But over the past year or so it has become increasingly clear that a vocal minority opposes wokeness for very different reasons. They object not to identity politics or to the suppression of free speech, but to what they see as a woke attack on white identity.
A mishmash of primarily online political subcultures have emerged over the past few years, vociferously defending white identity. It shares striking similarities with woke identitarianism. These advocates share so-called progressives’ racial essentialism, their obsession with identity and their conspiratorial mindset. Some have called this emerging movement the ‘woke right’, others the Very Online right. Either way, anyone who values liberal principles should be concerned.
These new rightists’ nihilistic resentment, indeed their racial identitarianism, is in danger of being passed off as a ‘legitimate grievance’ by the broader right – as an understandable response to successive governments’ failures on immigration; as of a piece with more general public concerns. At the very least, there is a hesitance among some conservatives to call out these toxic views.
Of course, many ordinary people do have reasonable concerns about migration. Our leaders have allowed unprecedented numbers of people to enter the UK, despite having no democratic mandate to do so. Businesses have become dependent on cheap migrant labour, which suppresses wages and discourages investment in the training and upskilling of British workers. And the pace and scale of migration has overwhelmed infrastructure and services, putting enormous strain on already strained resources. Furthermore, a lack of robust integration policies has exacerbated social tensions and fuelled conflict.
But identitarian rightists are not expressing legitimate concerns about immigration, governance, the economy, fairness and social cohesion. They are criticising immigration on the dubious grounds that it is a means to dilute white British culture, through the sheer weight of non-white numbers. This is the ‘great replacement’ conspiracy theory – a crackpot fixation once found only in the darker corners of the internet that is now being increasingly mainstreamed.

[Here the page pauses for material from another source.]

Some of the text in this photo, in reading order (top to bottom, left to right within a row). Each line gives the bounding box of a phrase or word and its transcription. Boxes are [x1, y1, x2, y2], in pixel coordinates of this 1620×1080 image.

Indeed, one proponent of right identity politics delivered a public lecture earlier this year, presenting migration as the ‘ethnic cleansing’ of white Brits and warning that they are due to become ‘a minority in their own homeland’.

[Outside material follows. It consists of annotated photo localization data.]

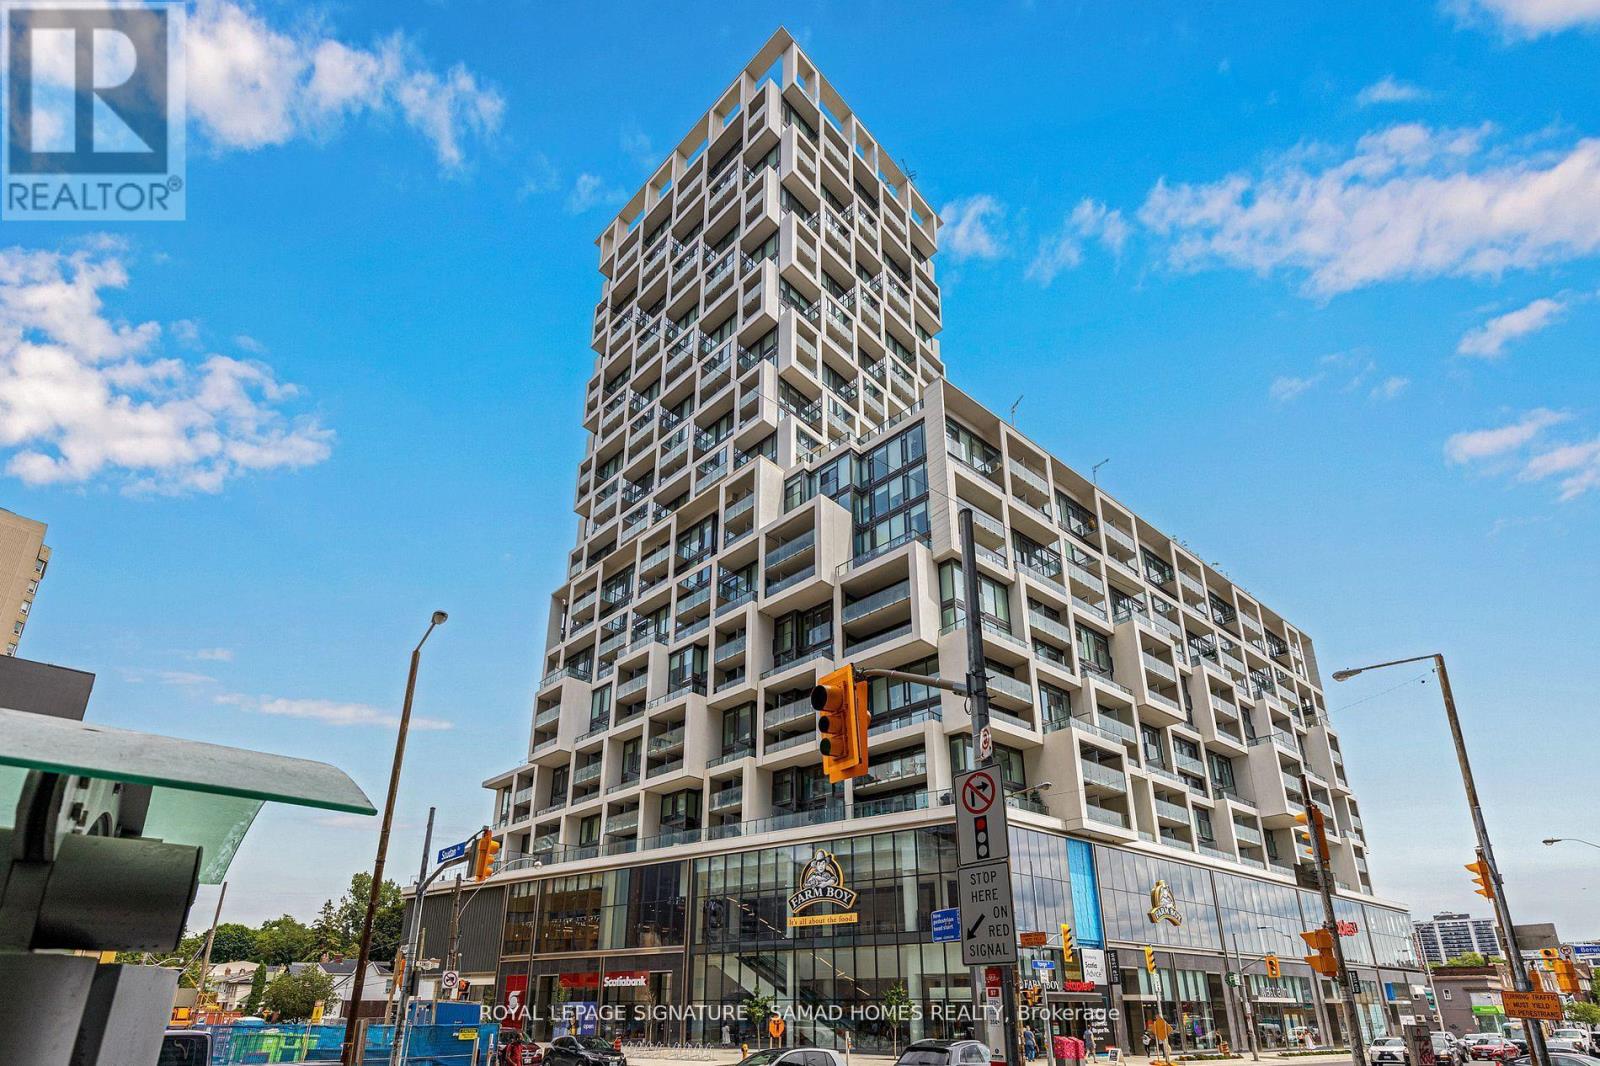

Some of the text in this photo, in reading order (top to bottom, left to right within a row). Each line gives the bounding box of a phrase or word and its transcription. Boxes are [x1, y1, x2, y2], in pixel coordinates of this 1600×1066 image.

[970, 870, 997, 885] STOP
[791, 887, 852, 907] FARM BOY
[971, 888, 999, 903] HERE
[993, 905, 1008, 919] ON
[989, 923, 1010, 937] RED
[970, 943, 1009, 957] SIGNAL
[604, 975, 646, 987] Scotiabank

Some argue that such extreme right-wing views are niche and shouldn’t be given undue attention. It’s certainly true that, as polls indicate, most people have no truck with this racial worldview. Reform UK, the right-wing populist party that has been smeared as ‘hard right’ by its critics, has explicitly rejected ethnic nationalism in favour of civic nationalism – to the shrieking disappointment of the right-wing identitarians.
But to dismiss the emergent identitarian right as an insignificant minority would be to make the same mistake as many liberals and leftists once did. They dismissed wokeness as being limited to pesky, pink-haired university students, and subsequently proved unable to resist its mainstreaming.
Indeed, during the peak woke years of 2020 and 2021, when BLM was on the march throughout public life, mainstream liberals and leftists failed to challenge absurd demands such as ‘defund the police’ or sweeping generalisations that ‘all white people are racist’. Fear of ostracism, coupled with a desire to avoid giving ammunition to the right, led far too many to remain silent. This allowed ‘progressive’ identitarians to dominate left-wing politics, alienating ordinary people and providing an easy target for critics.
A similar dynamic now appears to be at work on the right: the reluctance of mainstream conservatives to challenge far-right identitarian rhetoric risks allowing it to fester unchecked. For instance, claims that a multiethnic society is inherently destructive are not only factually incorrect, but also alienate people of goodwill who support cultural integration rather than segregation.
Some are willing to take a stand, however. Reform leader Nigel Farage has been keen to draw a line between his party’s populist politics and those of the identitarian right. His recent efforts to rebuff the racial identitarians have been criticised, unsurprisingly, by those who think the party should obsess over ‘demographic change’ and stop saying mean things about Tommy Robinson. Apparently, Farage is betraying his anti-establishment credentials. The polls would suggest Farage was right to ignore these critics. Reform is polling at record highs. Ordinary people clearly don’t spend their days worrying about the ‘great replacement’.
Still, we shouldn’t be complacent about this ideology spreading beyond attention-seekers on social media. Socioeconomic conditions in the UK and the West more broadly have created a fertile environment for extremism to flourish. Long-term economic stagnation, combined with the collapse of traditional sources of community and meaning, have left many people feeling hopeless and looking for new narratives of belonging and identity. And some, especially some young people it seems, are looking to the identitarian extremes for answers.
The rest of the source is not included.